Выбрать главу

Вот идет архитектор под руку с дочерью, светлой девушкой, и говорит ей о звездах, о том, что даже самые маленькие из них – целые миры, и при этом он указывает на небо тем самым зонтиком, которым давеча избил своего взрослого сына.

Безутешна мать, у которой убили единственного ребенка; но священник, «подняв вилку, на которой был соленый рыжик, сказал ей: „Не горюйте о младенце. Таковых есть царство небесное“»…

«Мама, Петя Богу не молился!» Петю будят, он молится и плачет, потом ложится и грозится кулаком тому, кто пожаловался.

И для многих университетов характерно «мнение профессора: не Шекспир главное, примечания к нему». Как писатель Чехов от этого последнего облика пошлости, от этого предпочтения тексту примечаний, особенно страдал и при жизни, и посмертно…

Вообще, пошлость разнообразна. Ее не перечислишь, ее не уловишь.
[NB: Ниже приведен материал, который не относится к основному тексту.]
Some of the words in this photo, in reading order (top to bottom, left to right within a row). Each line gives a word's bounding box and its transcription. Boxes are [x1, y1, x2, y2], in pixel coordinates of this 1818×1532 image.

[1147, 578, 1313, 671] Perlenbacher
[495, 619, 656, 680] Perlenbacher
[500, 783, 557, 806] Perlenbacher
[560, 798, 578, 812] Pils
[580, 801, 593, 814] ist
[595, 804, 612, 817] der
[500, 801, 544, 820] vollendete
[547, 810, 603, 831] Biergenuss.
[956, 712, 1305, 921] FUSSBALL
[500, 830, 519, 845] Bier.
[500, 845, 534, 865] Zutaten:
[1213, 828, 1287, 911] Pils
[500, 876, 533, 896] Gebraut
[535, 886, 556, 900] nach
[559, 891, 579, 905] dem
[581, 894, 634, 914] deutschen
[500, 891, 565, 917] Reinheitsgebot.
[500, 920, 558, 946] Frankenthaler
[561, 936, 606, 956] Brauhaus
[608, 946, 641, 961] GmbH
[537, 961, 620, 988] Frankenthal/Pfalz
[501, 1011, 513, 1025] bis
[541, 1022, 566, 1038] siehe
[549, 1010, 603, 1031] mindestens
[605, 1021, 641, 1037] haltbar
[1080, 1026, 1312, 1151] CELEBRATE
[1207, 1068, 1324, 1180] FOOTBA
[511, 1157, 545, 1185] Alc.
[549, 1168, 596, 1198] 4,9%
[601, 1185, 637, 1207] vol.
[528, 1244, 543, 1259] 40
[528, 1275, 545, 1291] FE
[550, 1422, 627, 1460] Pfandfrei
Только от девушек веет нравственною чистотою, и многие сохраняют ее навсегда; прекрасные женские образы встают перед нами в произведениях Чехова, обвеянные лаской, какой они не знали со времен Тургенева, – эти тоскующие чайки, которых убили, эти женщины, которых разлюбили, эта Катя из «Скучной истории»: она прежде смеялась так весело и бархатно, потом жизнь смяла ее, и она уж больше не смеялась… И, может быть, среди них, в кругу милых трех сестер, которые стали нашими общими сестрами, около некрасивой и обаятельной Полины Рассудиной из «Трех лет», Анюты из «Моей жизни», и Ани из «Вишневого сада», и Душечки, меркнут все эти попрыгуньи, супруги и Ариадны, напоминающие своей холодной любовной речью «пение металлического соловья», и барышни, которые в письмах выражаются так: «мы будем жить невыносимо близко от вас», и эти же барышни, которых имел в виду Чехов, когда давал свой горький совет: «если боитесь одиночества, то не женитесь… я заметил, что, женившись, перестают быть любопытными», и эта дочь профессора, которая когда-то девочкой любила мороженое, а теперь любит Гнеккера, молодого человека с выпуклыми глазами, молодого человека, олицетворяющего собою пошлость…
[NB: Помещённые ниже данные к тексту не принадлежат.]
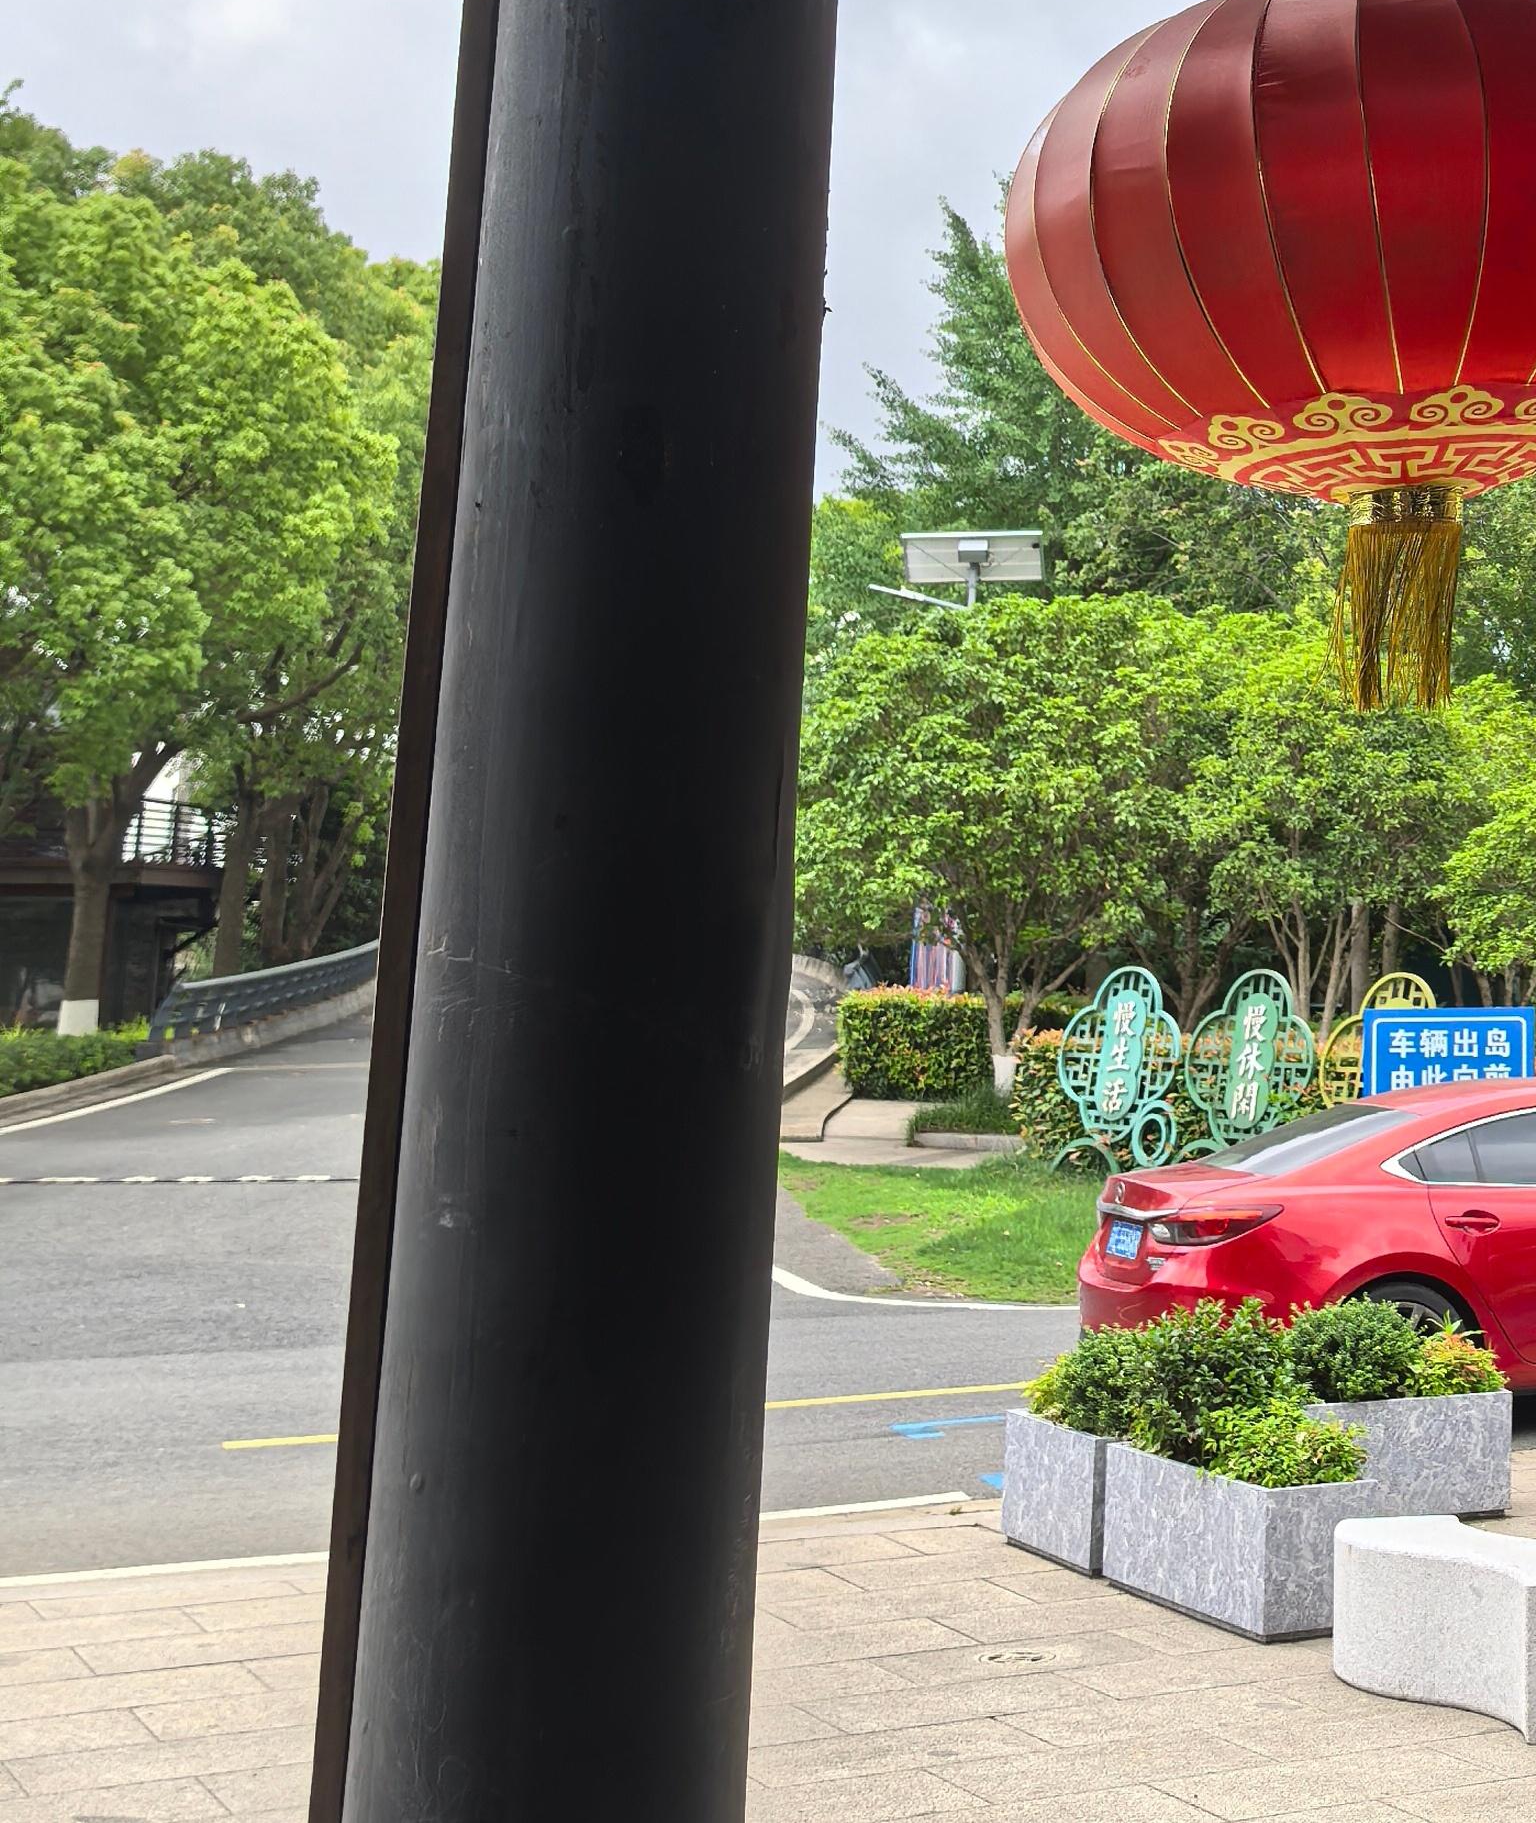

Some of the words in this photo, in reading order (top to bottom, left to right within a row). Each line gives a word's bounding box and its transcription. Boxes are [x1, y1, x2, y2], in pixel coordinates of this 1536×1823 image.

[1102, 1000, 1136, 1114] 慢生活
[1388, 1027, 1512, 1059] 车辆出岛
Обыватели пошлого города, граждане всесветной глуши или уживаются, мирятся с обыденностью, и тогда они счастливы своим мещанским счастьем, или они подавлены ею, и тогда они несчастны, тогда они – лишние, обойденные. Но большинство счастливы, и на свете, в сущности, очень много довольных людей, и это на свете печальнее всего. В тишине вялого прозябания они мечтают о своем крыжовнике – и получают его; кислыми ягодами крыжовника отгораживаются они от остального мира, от мира страдающего, и не стоит у их дверей человек с молоточком, который бы стучал, стучал и напоминал об окружающей неправде и несчастье. Были и есть люди с великими молоточками слова – Чехов принадлежит к их благородному сонму; из-за них человечество не засыпает окончательно, убаюканное шумом тусклых дней, довольное своим крыжовником. Но многие, очень многие сидят в своих футлярах, и никакое слово не пробудит их от вялой дремоты. Они робки и боятся жизни в ее движении, в ее обновлении.
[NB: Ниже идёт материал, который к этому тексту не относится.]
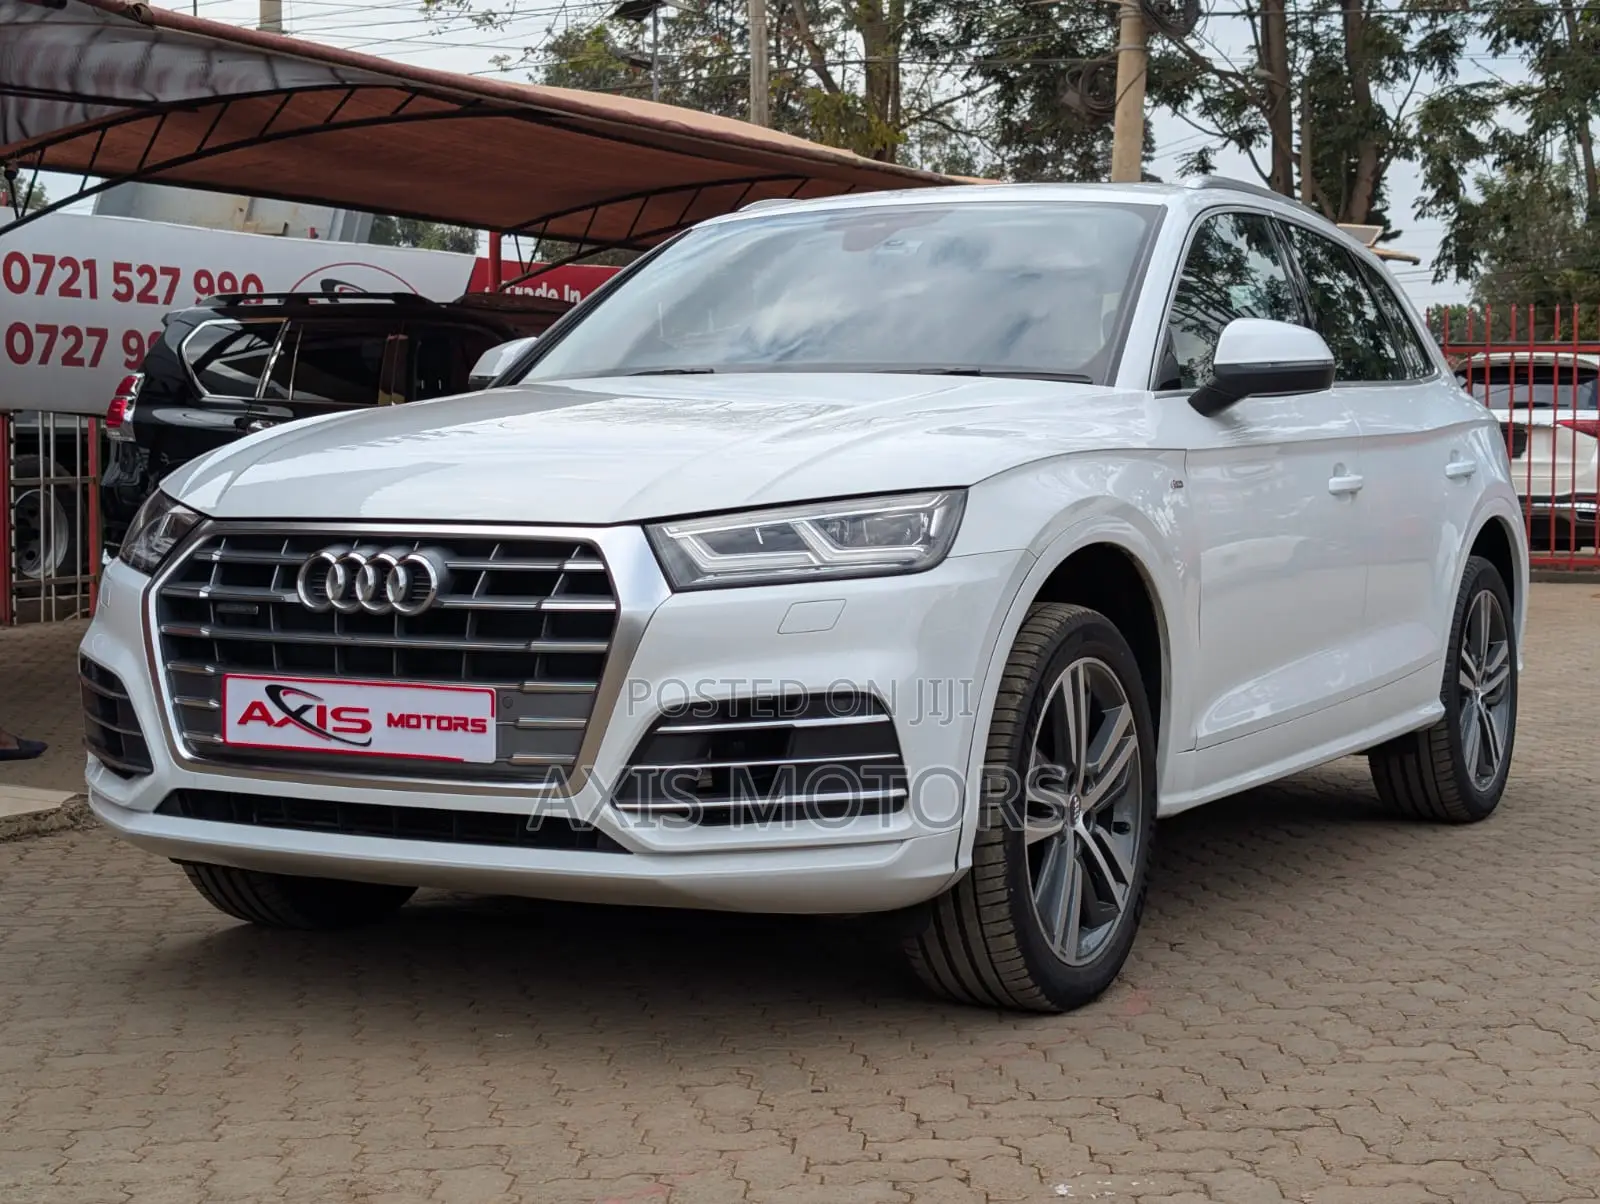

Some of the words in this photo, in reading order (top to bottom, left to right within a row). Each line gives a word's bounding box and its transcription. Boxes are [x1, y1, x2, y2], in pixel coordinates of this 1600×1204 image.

[2, 251, 98, 300] 0721
[112, 261, 181, 305] 527
[564, 284, 581, 303] In
[5, 321, 108, 368] 0727
[237, 689, 373, 743] AXIS
[386, 712, 488, 734] MOTORS
Впрочем, страх перед нею, перед тем, что она «трогает», конечно, еще не влечет за собою нравственного падения. В русской литературе есть классическая фигура человека, который путался жизни, бежал от нее под защиту Захара, на свой широкий диван, но в то же время был кроток, нежен и чист голубиной чистотою. Пена всяческой низменности клокотала вокруг Обломова, но к нему не долетали ее мутные брызги. А Беликов, который тоже смущался и трепетал перед вторжением жизни, из-за этого впадал не только в пошлость, но и в подлость. И вот почему на могилу Обломова, где дружеская рука его жены посадила цветущую сирень, русские читатели до сих пор совершают духовное паломничество, а Беликова, читаем мы в рассказе, приятно было хоронить. Правда, Чехов совсем не убедил нас, что ославленный учитель греческого языка должен был в силу внутренней необходимости от своего страха перейти к доносам и низости. Этого могло ведь и не быть, это необязательно. Вообще, не без вульгарного оттенка издеваясь над тем, что Беликов умиленно произносил чудные для его слуха греческие слова, рассказчик совсем упустил из виду то мучение, которое должен был переносить человек, всего боявшийся и страдавший бредом преследования; в этом смысле «Человек в футляре» – произведение слабое. Но зато на многих других страницах Чехов, к сожалению, слишком убедительно показал своих горожан в презренном ореоле трусливости и мелочного приспособления к требованиям властных людей и обстоятельств.